Gezielte Angriffe, um den Widerstand der Ukraine zu brechen

Russland hat kürzlich eine bittere Kältewelle in der Ukraine genutzt, um der ukrainischen Bevölkerung durch Angriffe auf die Energieinfrastruktur des Landes großes Leid zuzufügen. Unter anderem startete Russland am 9. Januar einen massiven Raketen- und Drohnenangriff auf Kiew und Umgebung, der auf Energieanlagen abzielte, die die Einwohner der Stadt mit Wärme versorgen.
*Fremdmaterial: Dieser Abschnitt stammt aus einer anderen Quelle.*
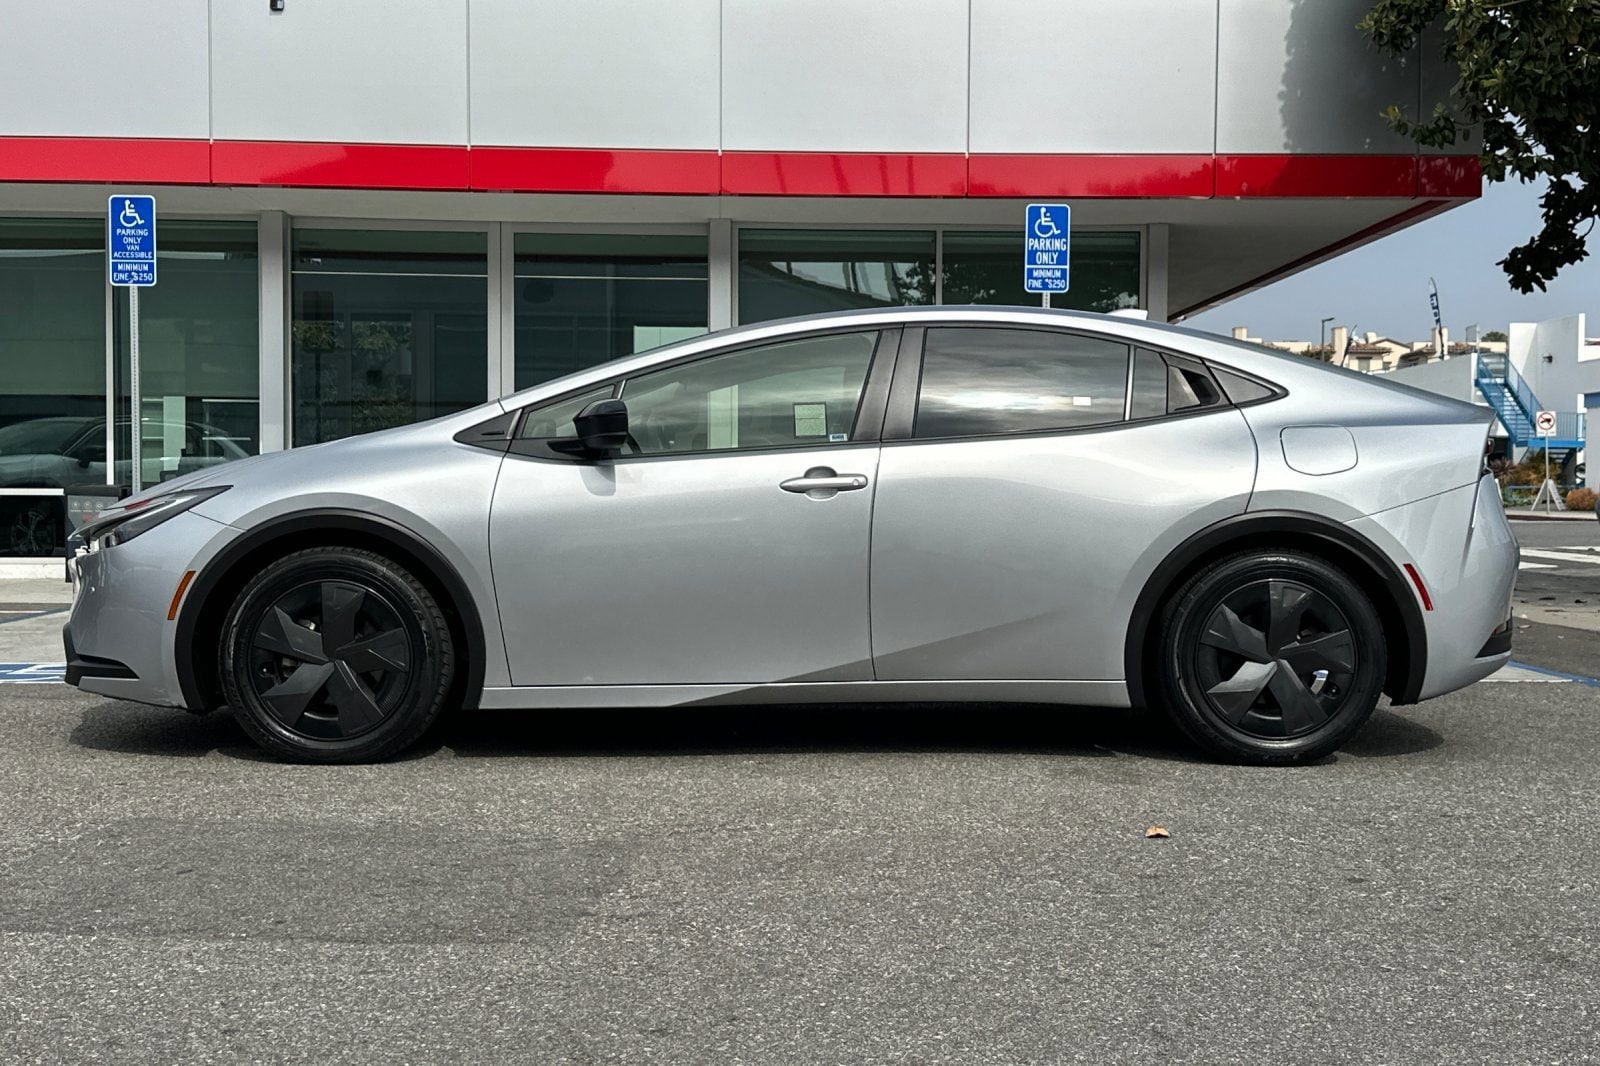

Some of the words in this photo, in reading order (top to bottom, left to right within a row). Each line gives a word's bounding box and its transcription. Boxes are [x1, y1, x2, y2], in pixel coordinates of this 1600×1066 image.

[116, 228, 149, 237] PARKING
[122, 236, 142, 244] ONLY
[1028, 238, 1067, 251] PARKING
[113, 251, 153, 259] ACCESSIBLE
[1035, 251, 1059, 265] ONLY
[117, 263, 149, 271] MINIMUM
[113, 272, 130, 281] FINE
[131, 272, 153, 281] $250
[1032, 269, 1062, 278] MINIMUM
[1027, 279, 1043, 288] FINE
[1047, 279, 1066, 288] $250
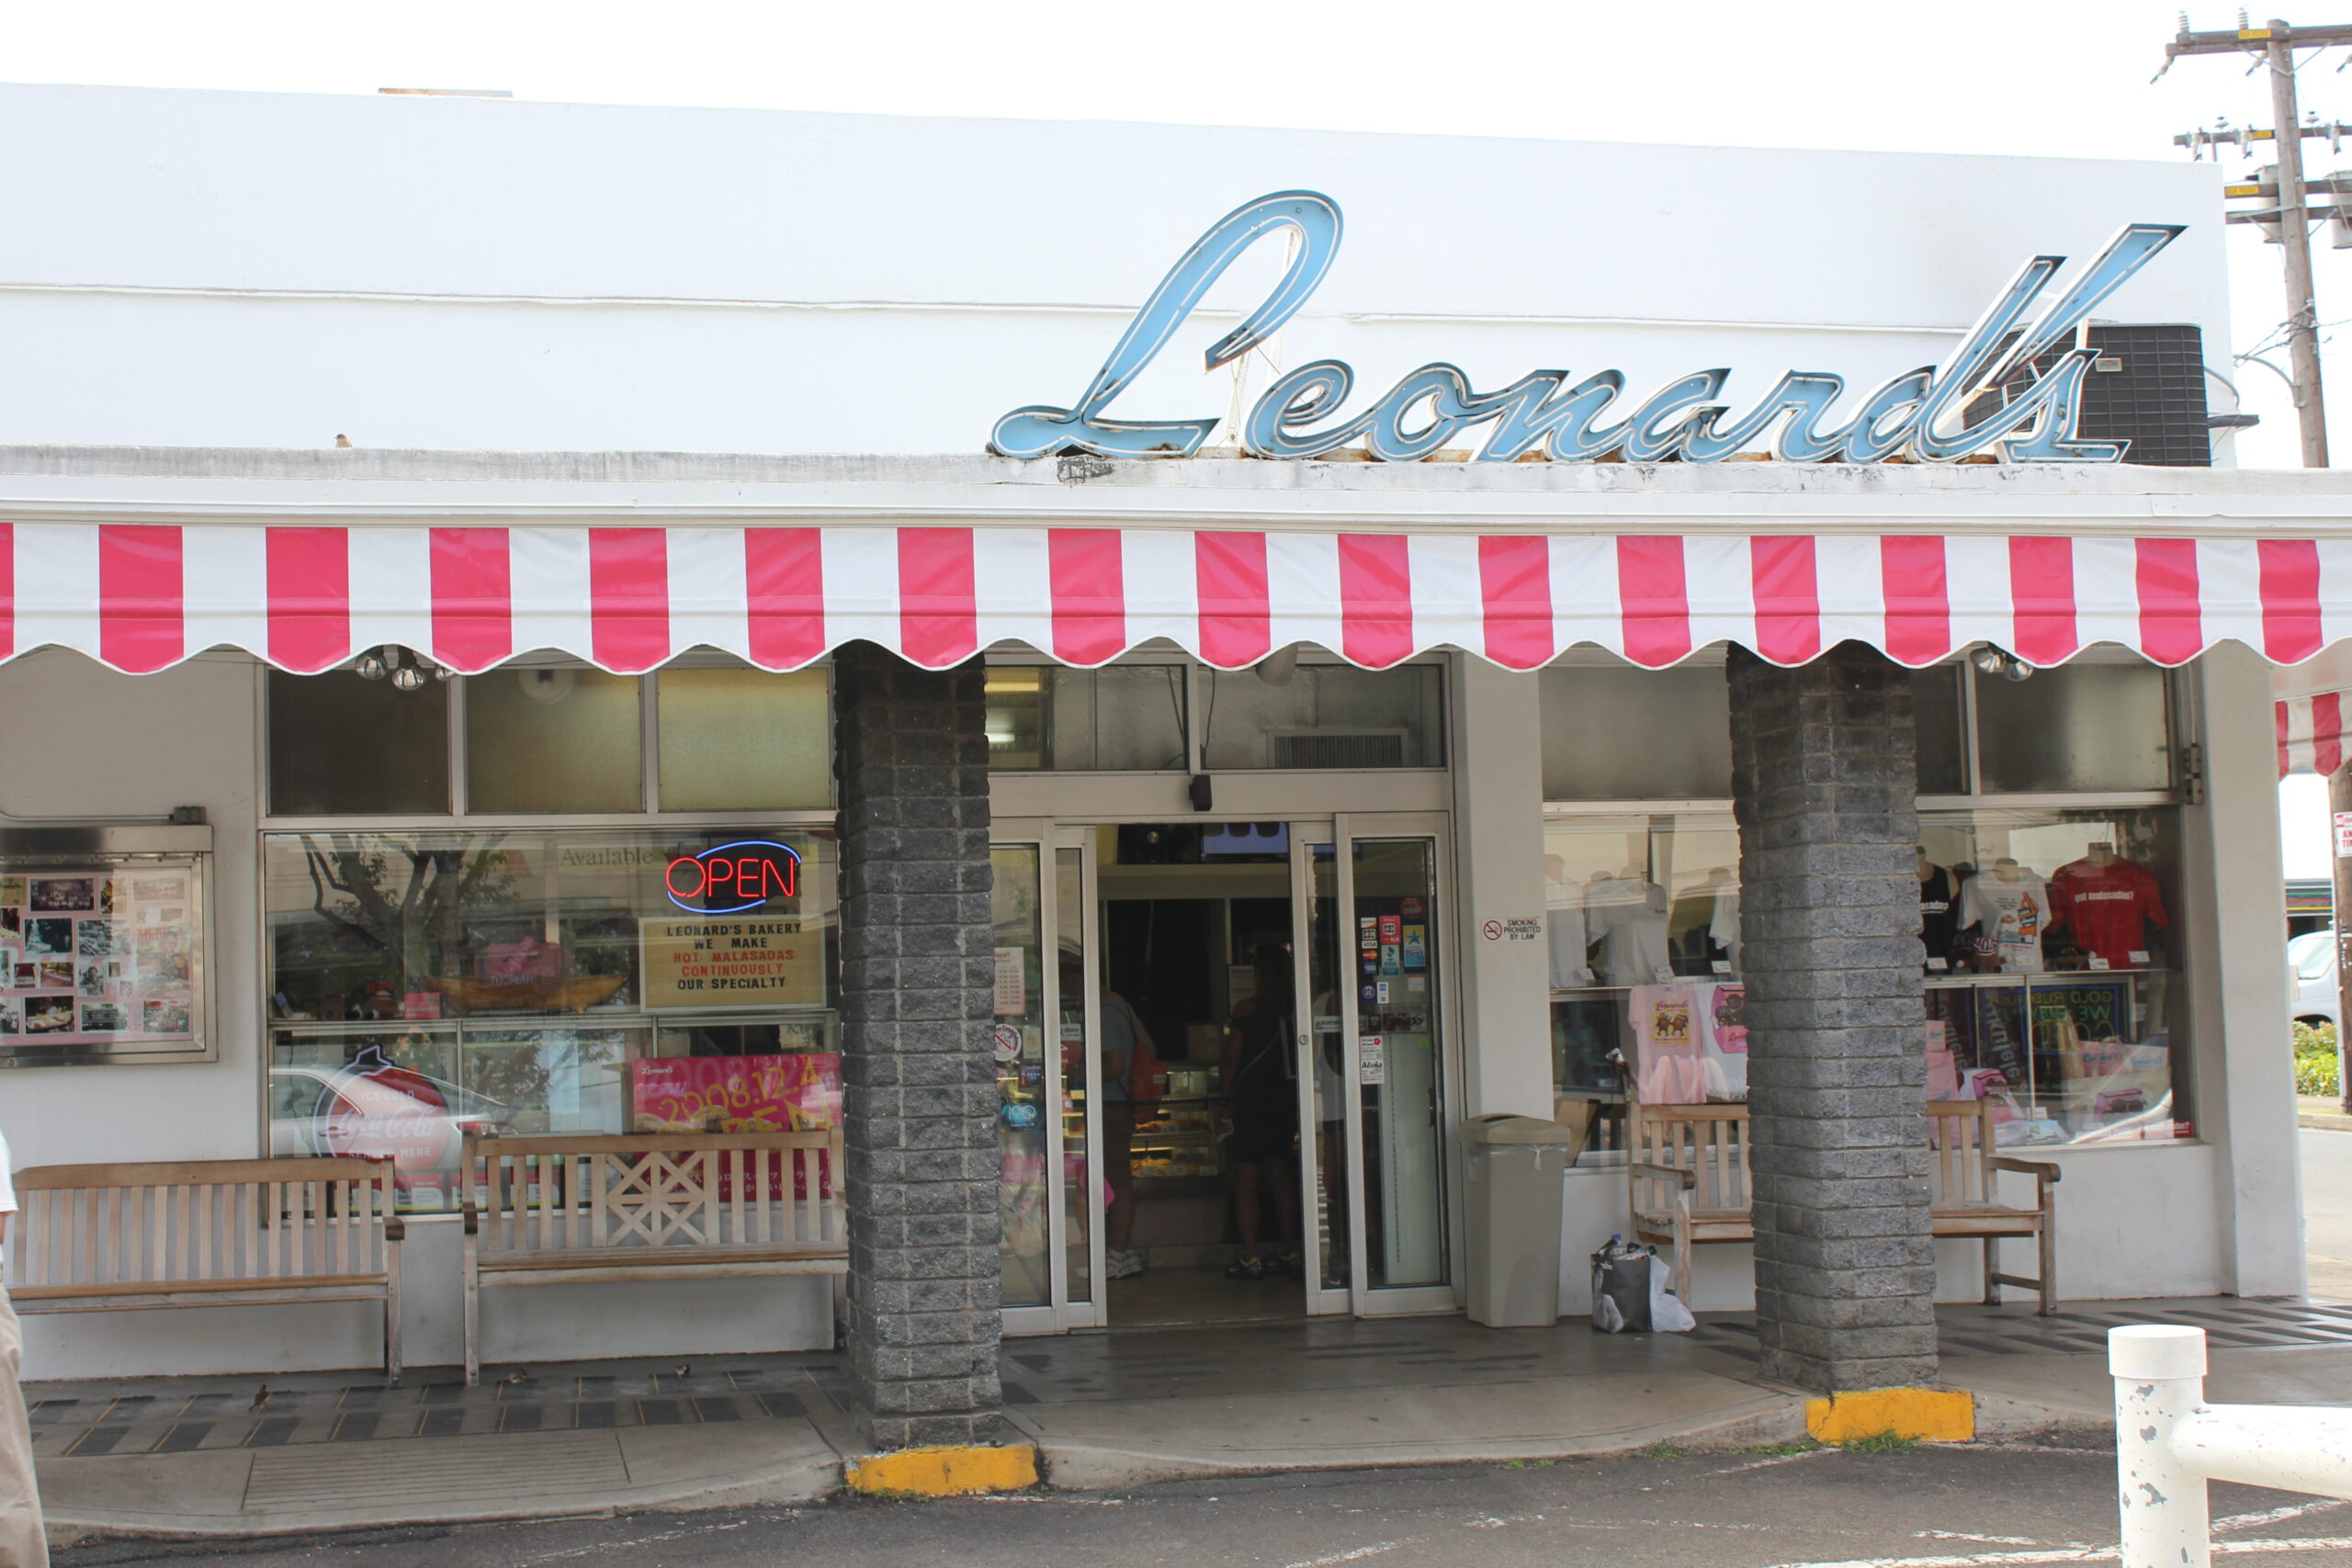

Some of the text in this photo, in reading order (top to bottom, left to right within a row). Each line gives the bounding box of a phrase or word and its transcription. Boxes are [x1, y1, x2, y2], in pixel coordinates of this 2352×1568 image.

[987, 189, 2188, 463] Leonard's
[560, 847, 653, 866] Available
[665, 857, 795, 897] OPEN
[2074, 892, 2086, 903] got
[667, 923, 801, 937] LEONARD'S BAKERY
[695, 938, 768, 950] WE MAKE
[673, 950, 795, 964] HOT MALASADAS
[682, 963, 784, 976] CONTINUOUSLY
[677, 977, 786, 990] OUR SPECIALTY
[363, 1090, 415, 1100] ICE COLD
[347, 1146, 433, 1159] SERVED HERE
In der Nacht zum 14. Januar sank die Temperatur in Kiew auf -17 Grad Celsius, nachdem dieser und andere Angriffe einen Großteil der Hauptstadt von der Stromversorgung abgeschnitten hatten. Als Reaktion darauf erklärte der ukrainische Präsident Wolodymyr Selenskyj am 15. Januar den Notstand im Energiesektor.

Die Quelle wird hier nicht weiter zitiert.